I do have a big list of numeric values (including duplicates) and I do want to group them into ranges in order to see if how do they distribute.

Let's say there are 1000 values ranging from 0 to 2.000.000 and I do want to group them.

How can I achieve this, preferably in Excel or SQL.


Why group them? Instead, how about estimate the probability density function (PDF) of the distributions from which the data arise? Here's an R-based example:

dat <- c(sample(2000000, 500), rnorm(100, 1000000, 1000), 
         rnorm(150, 1500000, 100),rnorm(150, 500000, 10),
         rnorm(180, 10000, 10), rnorm(10, 1000, 5), 1:10)
dens <- density(dat)

If the data are strictly bounded (0, 2,000,000) then the kernel density estimate is perhaps not best suited. You could fudge things by asking it to only evaluate the density between the bounds:

dens2 <- density(dat, from = 0, to = 2000000)

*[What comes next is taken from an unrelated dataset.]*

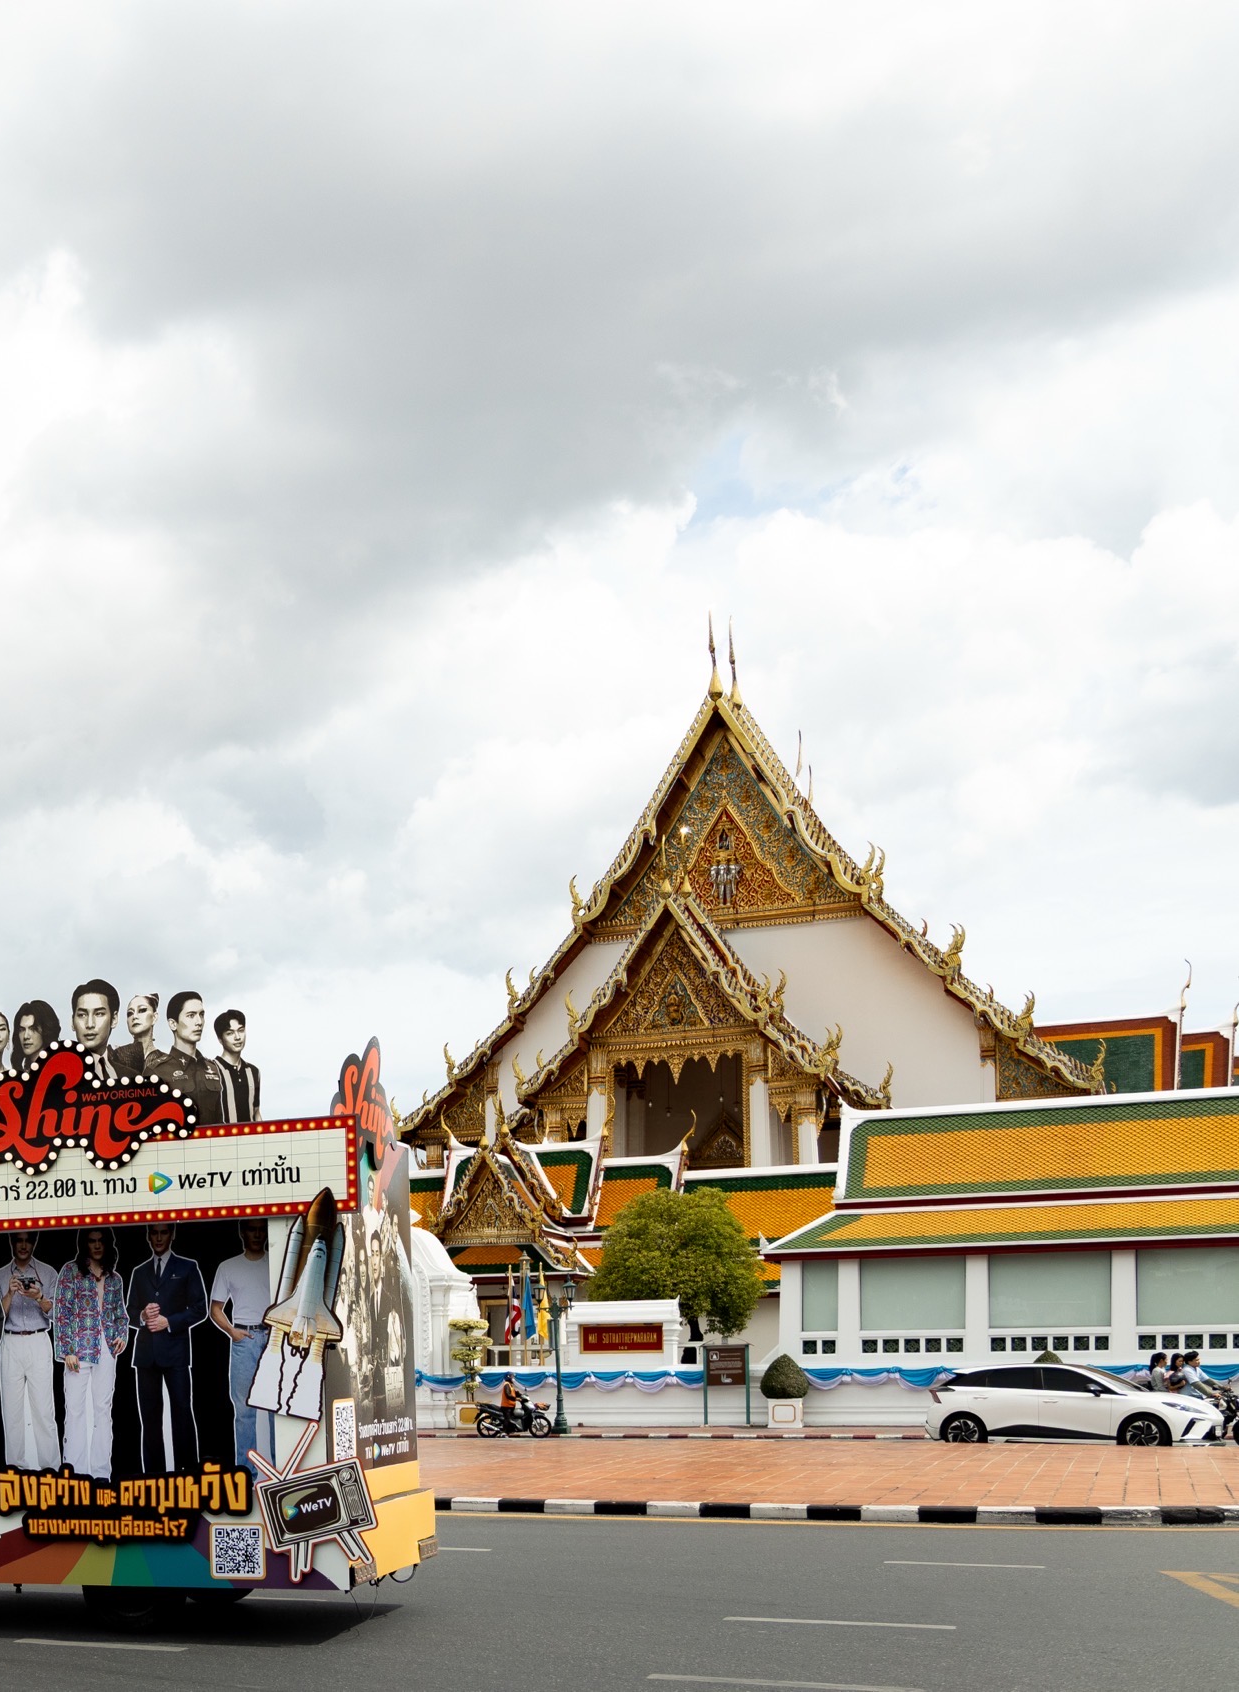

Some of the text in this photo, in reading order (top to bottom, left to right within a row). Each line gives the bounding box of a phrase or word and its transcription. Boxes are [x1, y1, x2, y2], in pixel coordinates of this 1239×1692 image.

Alternatively there is the histogram - a coarse version of the kernel density. What you specifically talk about is binning your data. There are lots of rules/approaches to selecting equal-width bins (i.e. the number of bins) from the data. In R the default is Sturges rule, but it also includes the Freedman-Diaconis rule and Scott's rule. There are others as well - see the Wikipedia page on histograms.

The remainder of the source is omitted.